Open Twitter datasets for COVID-19 research
Academic researchers use tweets to study the public conversation and sentiment around important issues. With how Twitter is making it easier to extract tweets (read our article on this), tweets are becoming a more attractive data source.
One of the biggest events in recent times is the COVID-19 pandemic; t how do you decide what tweets to collect? While you can use different identification techniques like querying by hashtags or keywords, you may not need to reinvent the wheel.
Many researchers around the world have collected and may even have processed and labelled collections of tweets covering different aspects around COVID-19 topic that you can consider reusing.
Note: most open Twitter datasets only provide Tweet IDs due to the terms and conditions restrictions from Twitter. They need to be ‘re-hydrated’ (Refer to the Beginner’s guide to Twitter data) to get the actual content of the tweets. Please remember to cite the data if you plan to use them.
Do you know that our own SMU researchers are also collecting and researching with COVID-19 Twitter data? Dr. Richard Crowley, Assistant Professor of Accounting, has some of his research papers based on Twitter data (e.g. on firm CSR reputation and discretionary dissemination). One of his most recent ongoing social media research also studies the sentiments and emotions surrounding COVID-19 in the US. His team has collected over 1 billion tweets from February 2020 till present, with relevant COVID hashtags and a secondary country-specific classification, covering over 200 countries/regions and across 20+ languages.
This is probably one of the most comprehensive open COVID-19 datasets available. Data coverage starts from January 2020 and is still getting updated bi-weekly, resulting in a dataset containing more than 1 billion unique tweets.
A multilingual COVID-19 Twitter dataset containing an ongoing collection of tweet IDs, starting from Jan 2020 and updated weekly, made available via their GitHub repository.
Read this data article to find out more about the COVID-19 Rumor Dataset containing 6832 twitters (4129 rumors from news & 2705 rumors from tweets) with sentiment and stance labels, as well as reposts and retweets of the rumors. The dataset is openly available on Github.
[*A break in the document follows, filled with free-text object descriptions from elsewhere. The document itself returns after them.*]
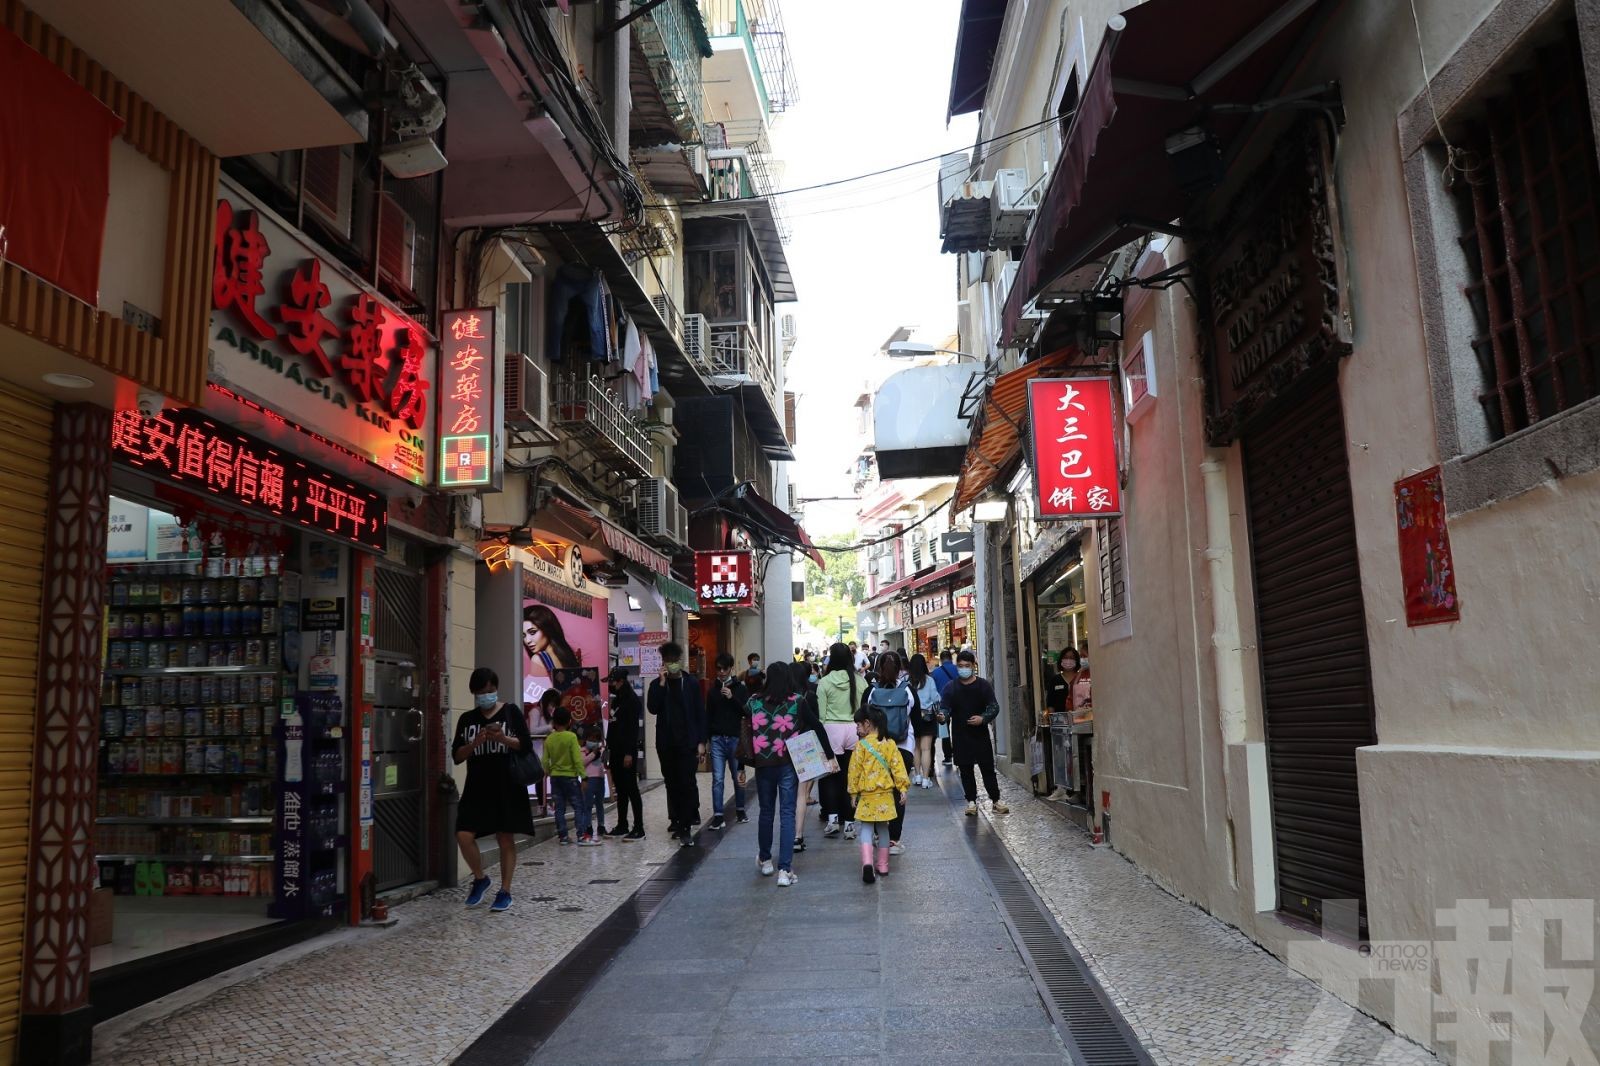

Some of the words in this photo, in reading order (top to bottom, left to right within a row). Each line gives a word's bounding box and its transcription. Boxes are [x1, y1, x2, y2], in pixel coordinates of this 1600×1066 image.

[208, 318, 347, 409] ARMÁCIA
[356, 404, 391, 433] KIN
[399, 429, 424, 451] ON
[451, 316, 485, 433] 健安藥房
[571, 695, 588, 721] 3
This is a large-scale Twitter dataset that contains IDs and sentiment scores of the tweets related to COVID-19. Read the related paper that explains this dataset in greater detail: Design and analysis of a large-scale COVID-19 tweets dataset.
As strong concerns and emotions might be present in publicly available tweets discussing COVID-19, all tweets from this dataset are annotated with latent semantic attributes such as topic, emotions, and their degree of intensity. There is a Singapore subset of the data if you wish to focus your research locally.